• Task objective
The data below should be restated word for word, with every picture omitted.

• Records shown
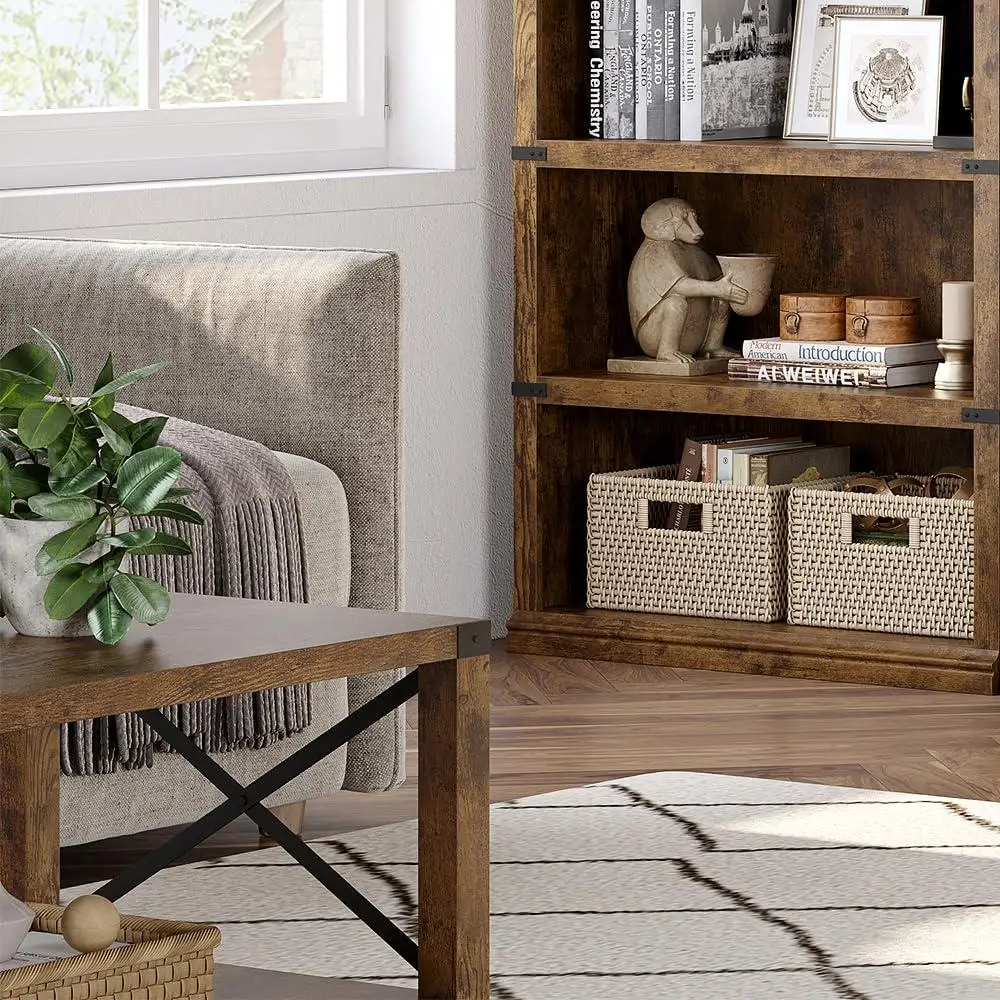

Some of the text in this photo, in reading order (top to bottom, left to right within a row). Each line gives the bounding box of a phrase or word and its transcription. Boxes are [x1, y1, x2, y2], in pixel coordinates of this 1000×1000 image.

[622, 0, 631, 24] SCHOOL
[667, 10, 676, 56] Forming
[685, 11, 696, 56] Forming
[604, 47, 618, 91] ENGLAND
[618, 46, 634, 92] ENGLAND
[654, 28, 662, 85] ONTARIO
[588, 57, 604, 138] Chemistry
[667, 66, 676, 101] Nation
[686, 67, 696, 102] Nation
[748, 351, 788, 360] American
[750, 340, 782, 350] Modern
[798, 344, 883, 363] Introduction

• Solution to this exercise
Some of the text in this photo, in reading order (top to bottom, left to right within a row). Each line gives the bounding box of a phrase or word and its transcription. Boxes are [x1, y1, x2, y2], in pixel coordinates of this 1000×1000 image.

[622, 0, 631, 24] SCHOOL
[667, 10, 676, 56] Forming
[685, 11, 696, 56] Forming
[604, 47, 618, 91] ENGLAND
[618, 46, 634, 92] ENGLAND
[654, 28, 662, 85] ONTARIO
[588, 57, 604, 138] Chemistry
[667, 66, 676, 101] Nation
[686, 67, 696, 102] Nation
[748, 351, 788, 360] American
[750, 340, 782, 350] Modern
[798, 344, 883, 363] Introduction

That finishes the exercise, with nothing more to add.